Only in the upside-down world of Donald Trump’s second term can 30% import duties on our largest trading partner be considered a positive sign, with the stock market soaring. So yes, the Trump administration and China announced a deal to lower tariffs. But it’s only slated to last 90 days, and it is merely lowering the tariff rate from an insane 145% to a still-extremely-high 30%.

The deal also does not appear to include a new de minimis exception for goods under $800, meaning everything, no matter how cheap, is subject to the surcharge.

We know that we must be truly through the Looking Glass for this to be considered good news, with the markets rallying more out of relief than enthusiasm. That’s certainly not enough to prevent prices from going up significantly for American consumers, nor to head off the likelihood that there will be shortages of basic goods, as foreign imports have slowed significantly over the past several weeks of the aggressive tariff posture.

Even if importers begin to stock up on Chinese-origin goods again immediately, it will take weeks for those replenishments to arrive, which will become extremely noticeable to consumers once importers and retailers run out of their existing domestic stock of everything from personal electronics to toys.

We and frankly all observers covering this absurd back-and-forth should continue to remind the public that none of this needed to happen. Trump came in with what was considered globally the best COVID bounce-back economy and decided to blow up global trade based on what appears to be a very shaky understanding of its fundamental principles. In a recent Oval Office scrum, he responded to a question about the drying up of imports by saying it means “we lose less money” and “China was making over $1 trillion.”

The only way to interpret this is that Trump somehow believes that the United States is effectively paying its trade deficit to China, as opposed to millions of U.S. businesses and families engaging in hundreds of thousands of transactions per day with innumerable foreign companies that are selling them affordably goods they want.

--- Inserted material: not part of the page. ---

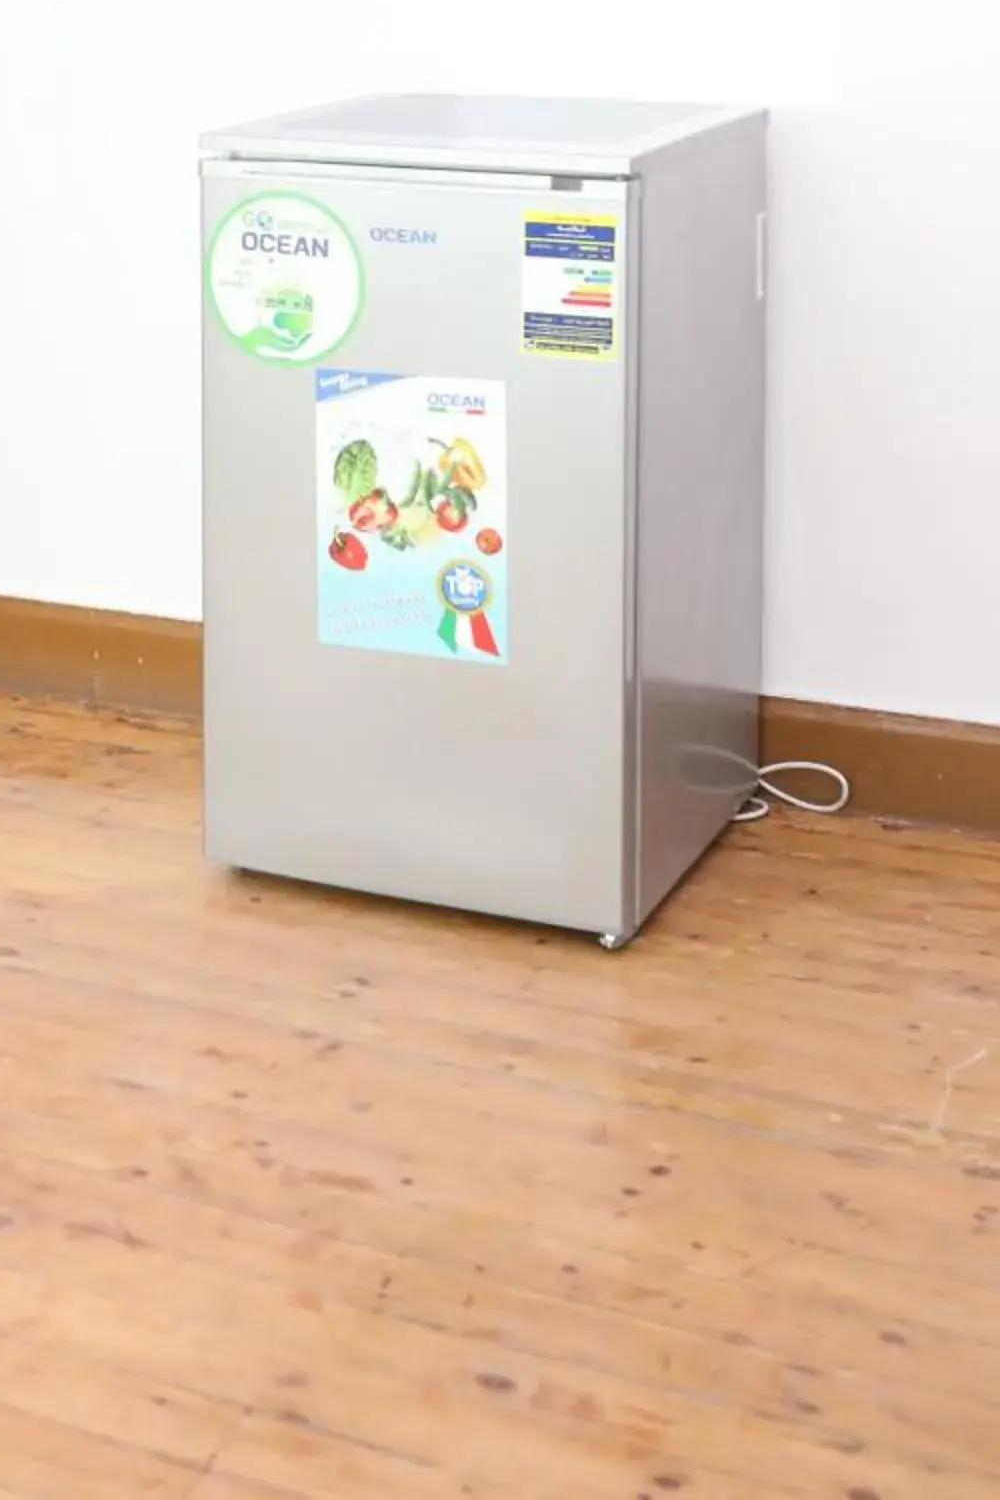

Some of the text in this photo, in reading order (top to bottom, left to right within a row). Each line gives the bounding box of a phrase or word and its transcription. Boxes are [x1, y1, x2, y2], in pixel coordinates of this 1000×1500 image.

[241, 230, 330, 259] OCEAN
[369, 227, 438, 245] OCEAN
[427, 391, 486, 409] OCEAN

Markets are not perfect and there is exploitation and waste, and it is perfectly valid to care about the collapse of domestic industry, which has devastated communities around the country, even as other sectors have immensely profited over the last several years.

Yet Trump is ignoring some of the clear solutions for this collapse — including reversing course on a big push towards the undeniable growth industry of renewable energy, which could not only provide thousands of jobs but cement U.S. energy independence and help combat the scourge of climate change — and instead banking on some kind of shock therapy that won’t work.

In an interview with Bloomberg after the announcement, Treasury Secretary Scott Bessent said that the new tariff levels were “obviously a floor.” Who is this obvious to, Scott? Neither importers nor investors nor logistics people nor regular consumers can figure out what it is that the administration will be doing on any given day, which makes it impossible to prepare in the long-term. If that’s true, though, Bessent is making it clear that Americans should expect higher prices indefinitely. So much for the president that won in large part on public dissatisfaction with inflation.